The vocabulary of documenting models

Some time ago our European project Metafor migrated to a global project called es-doc. During the metafor project we put a lot of effort into trying to develop materials which describe what it is trying to achieve, but I think we never really got that right (despite a number of papers on the subject - e.g. Lawrence et al 2012 , Guilyardi et al 2013 etc).

I’m currently in the process of trying to produce a figure on the subject for another publication, and in the process have produced these, which I think might be quite useful for understanding what es-doc is trying to document, and what the main kinds of documentation are that it produces. I’d be interested in feedback as to whether these figures are helpful or not.

In each figure, the boxes and links are not meant to correspond directly to the UML classes and associations of the (es-doc) Common Information Model (although some do) - the intention is to describe the concepts and intent of the various pieces of documentation.

Figure One

The MIPS process involves designing experiments which are provided to modelling centres.

Modelling centres configure model code to produce a configured model.

They then run one (or many) Simulations to support one or more experiments. The Simulation will conformTo (NumericalRequirements) of the Experiment, and will produce OutputData, and was run on a Platform.

The output data is uploaded to the ESGF archive where is supports the MIP.

Each of the coloured boxes represents an es-doc “document-type”.

Figure Two

Neglecting the process, we can look at the various document types and what they are for in more detail.

A simulation (which can also be an aggregation of simulations, also known as an ensemble) will have used some input data, some of which may have been defined and/or constrained by one of the numerical requirements of the experiment.

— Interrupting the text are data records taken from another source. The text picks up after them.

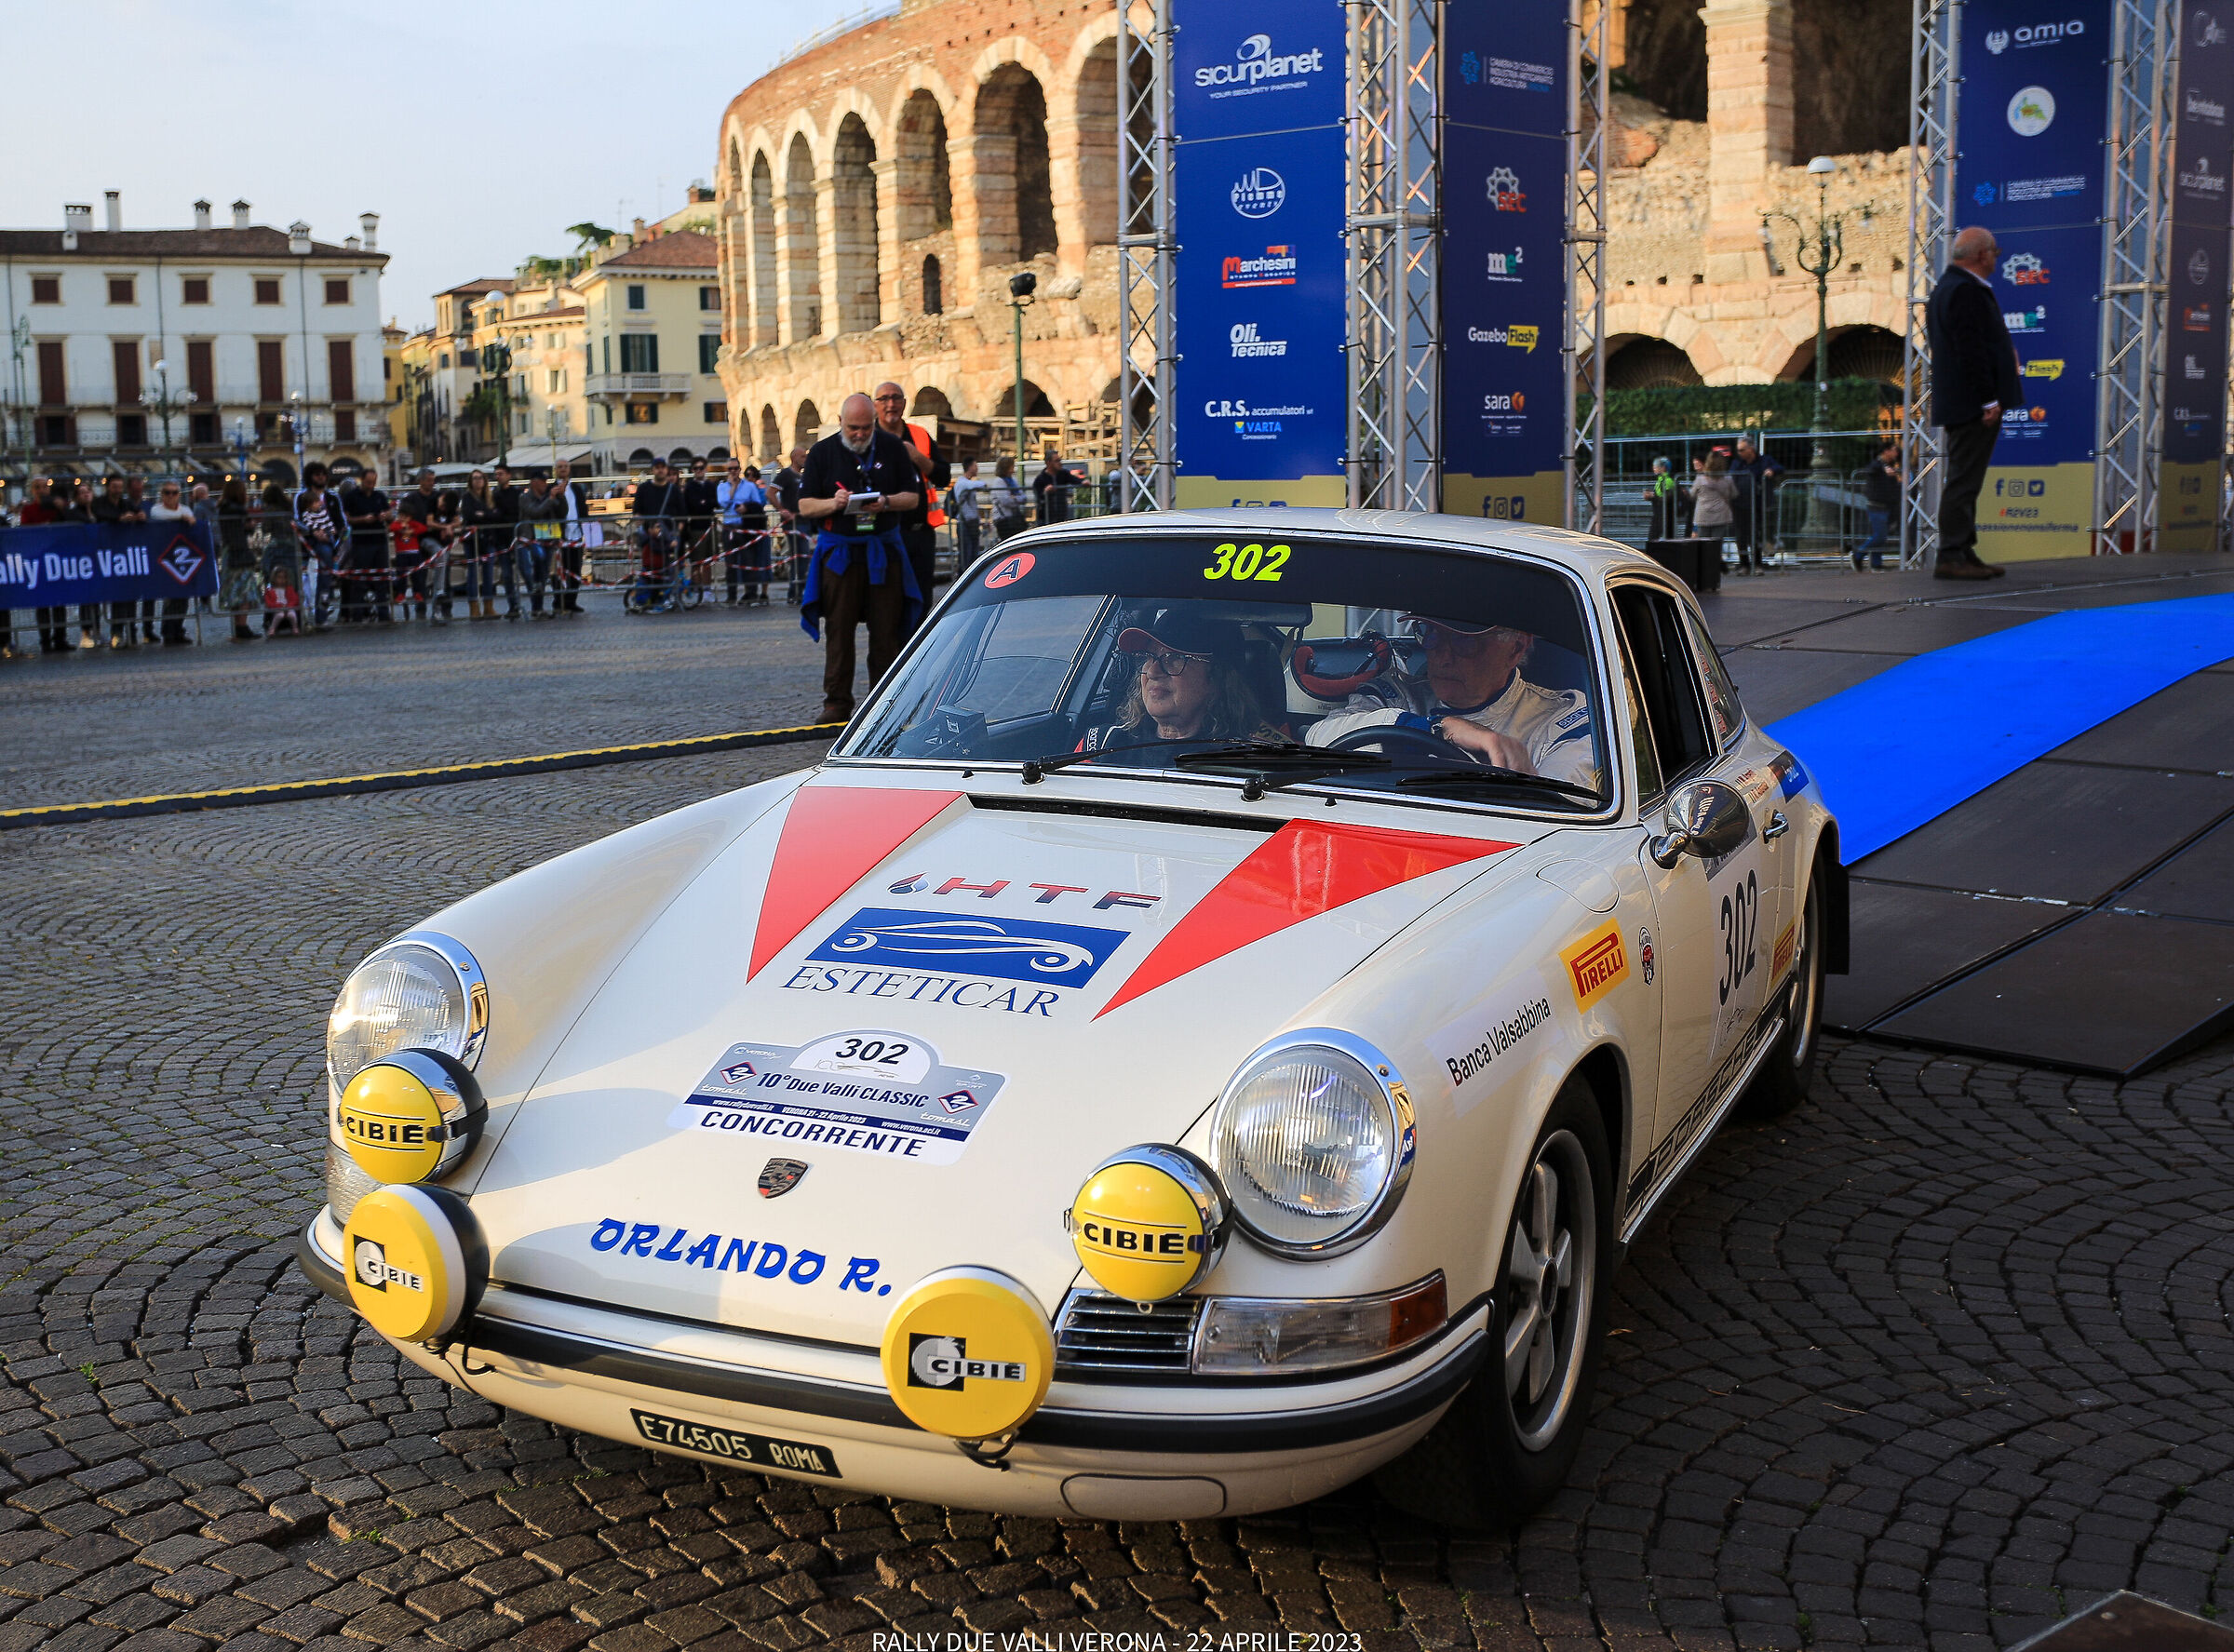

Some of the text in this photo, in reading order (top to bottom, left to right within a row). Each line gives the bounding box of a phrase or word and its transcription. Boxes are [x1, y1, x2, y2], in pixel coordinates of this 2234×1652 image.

[1194, 47, 1324, 87] sicurplanet
[1498, 191, 1527, 212] SEC
[1222, 256, 1297, 280] Marchesini
[2015, 269, 2051, 286] SEC
[1230, 323, 1261, 343] Oli.
[1231, 341, 1288, 358] Tecnica
[1204, 399, 1250, 418] C.R.S.
[1251, 405, 1305, 416] accumulatori
[1485, 395, 1510, 410] sara
[1246, 422, 1283, 433] VARTA
[44, 552, 94, 582] Due
[97, 545, 150, 578] Valli
[990, 557, 1022, 584] A
[1204, 543, 1292, 582] 302
[932, 877, 1163, 910] HTF
[1719, 869, 1757, 1006] 302
[1570, 932, 1625, 999] PIRELLI
[779, 965, 1061, 1018] ESTETICAR
[835, 1038, 909, 1065] 302
[1446, 996, 1552, 1087] Banca Valsabbina
[786, 1078, 820, 1093] Due
[821, 1081, 860, 1098] Valli
[859, 1087, 930, 1108] CLASSIC
[1650, 1022, 1758, 1181] PORSCHE
[781, 1106, 808, 1117] VERONA
[699, 1110, 928, 1158] CONCORRENTE
[590, 1217, 892, 1296] ORLANDO R.
[639, 1415, 827, 1472] E74505 ROMA

Constraints on the simulation by the numerical requirements might require conformances - which define how those constraints affect either the data or the code (maybe a choice of a particular code modification, or via a specific parameter choice or choices).

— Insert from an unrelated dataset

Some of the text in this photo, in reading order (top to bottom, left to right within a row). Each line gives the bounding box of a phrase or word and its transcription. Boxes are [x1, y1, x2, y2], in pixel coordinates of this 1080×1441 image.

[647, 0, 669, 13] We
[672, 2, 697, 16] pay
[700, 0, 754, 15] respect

Configured models are described by their Science Properties.

A Simulation document will include all the information coloured in yellow, so it will define which configured model was used via the uses relationship, which will point to configured model document, which itself describes the model.

Similarly, an experiment document will define all the various numerical requirements, and may point to some specific input data requirements.

Ideally output data objects will point back at the simulation which produced them.

Figure Three

In even more detail we can see that numerical requirements come in a number of flavours, including:

SpatioTemporalConstraints - which might define required experimental start dates, durations, and/or the coverage (global, regional etc).
Forcings - which generally define how various aspects of the system might be represented, for example, providing Ozone files for a consistent static ozone representation.
OutputRequirements - which define what output is required for intercomparison.

Simulation conformances are generally linked to specific numerical requirements and consist of data and code-mod conformances.

ConfiguredModels are configured from BaseModel code (this is not currently implemented in es-doc). In principle they can be described both by their software properties and the science properties (and so can their sub-components).

The run-time performance of the simulation should also be captured by resource and performance characteristics (but this too is not yet supported by es-doc).

A model description document should include all the material in green, including the links.

trackbacks (1)

Updated version of the model documentation plots (from “Bryan’s Blog” on (on Tuesday 29 July, 2014))I’ve had some feedback, and some more thinking, so here are three updated versions of those plots…

comments (2)

Rupert Ford (on Wednesday 09 July, 2014) Hi Bryan, Should Resources and Performance sit off Platform? I would have said that they are properties of the simulation when run on a platform. So Simulation used Resources on Platform and Simulation ranWith Performance on Platform. As you said, it is not UML so perhaps it does not matter!

Bryan (on Wednesday 09 July, 2014) Agreed. Resource and Performance are properties of a Simulation.